◆ TASK DESCRIPTION
All of the entries should be restated word for word, but without their pictures.

▬▬▬▬▬▬

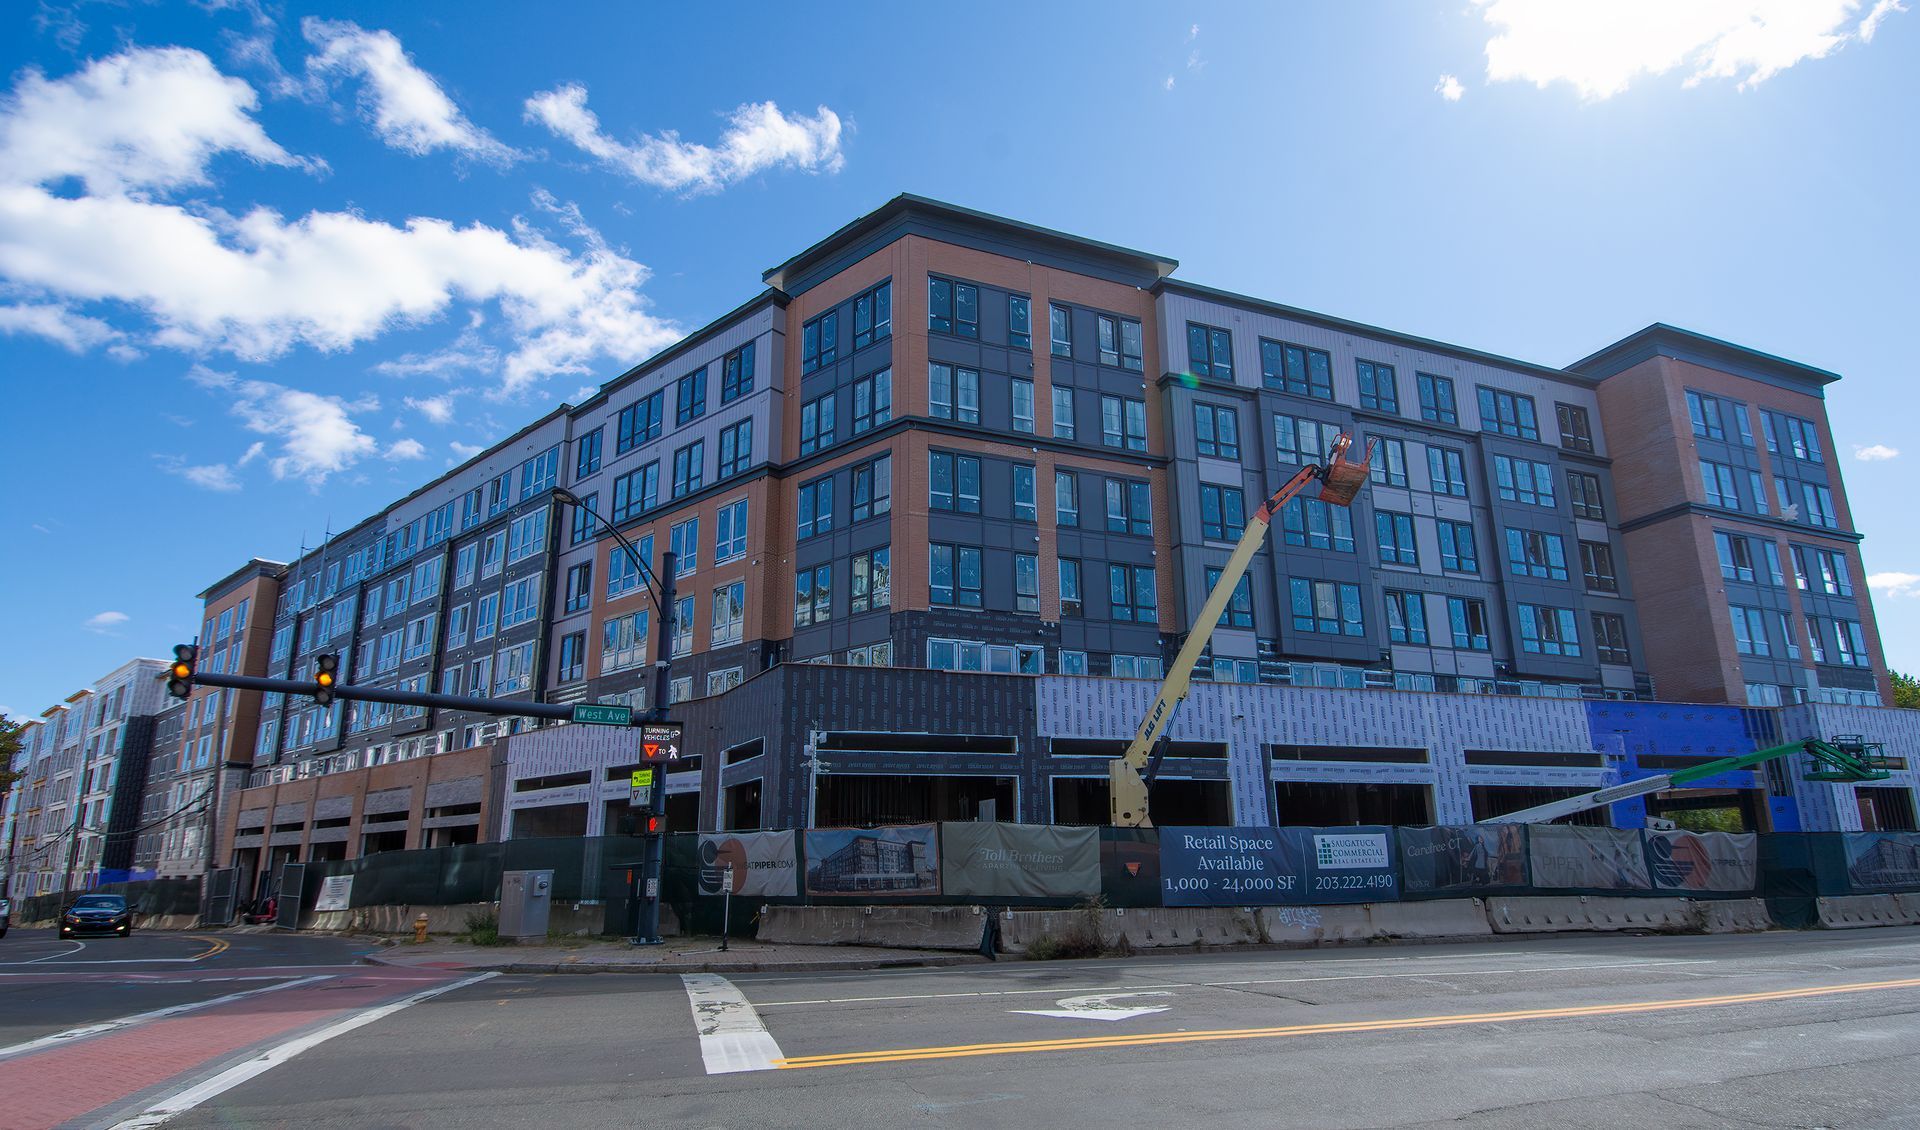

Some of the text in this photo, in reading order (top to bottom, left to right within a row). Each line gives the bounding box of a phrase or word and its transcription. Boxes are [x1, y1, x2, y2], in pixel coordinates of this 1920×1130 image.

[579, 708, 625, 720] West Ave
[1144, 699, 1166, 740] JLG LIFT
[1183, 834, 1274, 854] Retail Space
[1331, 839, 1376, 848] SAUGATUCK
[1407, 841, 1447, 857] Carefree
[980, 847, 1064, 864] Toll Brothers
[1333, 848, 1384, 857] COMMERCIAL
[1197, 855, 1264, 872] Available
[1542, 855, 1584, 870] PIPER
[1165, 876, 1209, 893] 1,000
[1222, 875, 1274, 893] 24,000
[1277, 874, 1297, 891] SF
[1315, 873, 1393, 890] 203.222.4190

▬▬▬▬▬▬

◆ ANSWER FOR THIS EXERCISE
Some of the text in this photo, in reading order (top to bottom, left to right within a row). Each line gives the bounding box of a phrase or word and its transcription. Boxes are [x1, y1, x2, y2], in pixel coordinates of this 1920×1130 image.

[579, 708, 625, 720] West Ave
[1144, 699, 1166, 740] JLG LIFT
[1183, 834, 1274, 854] Retail Space
[1331, 839, 1376, 848] SAUGATUCK
[1407, 841, 1447, 857] Carefree
[980, 847, 1064, 864] Toll Brothers
[1333, 848, 1384, 857] COMMERCIAL
[1197, 855, 1264, 872] Available
[1542, 855, 1584, 870] PIPER
[1165, 876, 1209, 893] 1,000
[1222, 875, 1274, 893] 24,000
[1277, 874, 1297, 891] SF
[1315, 873, 1393, 890] 203.222.4190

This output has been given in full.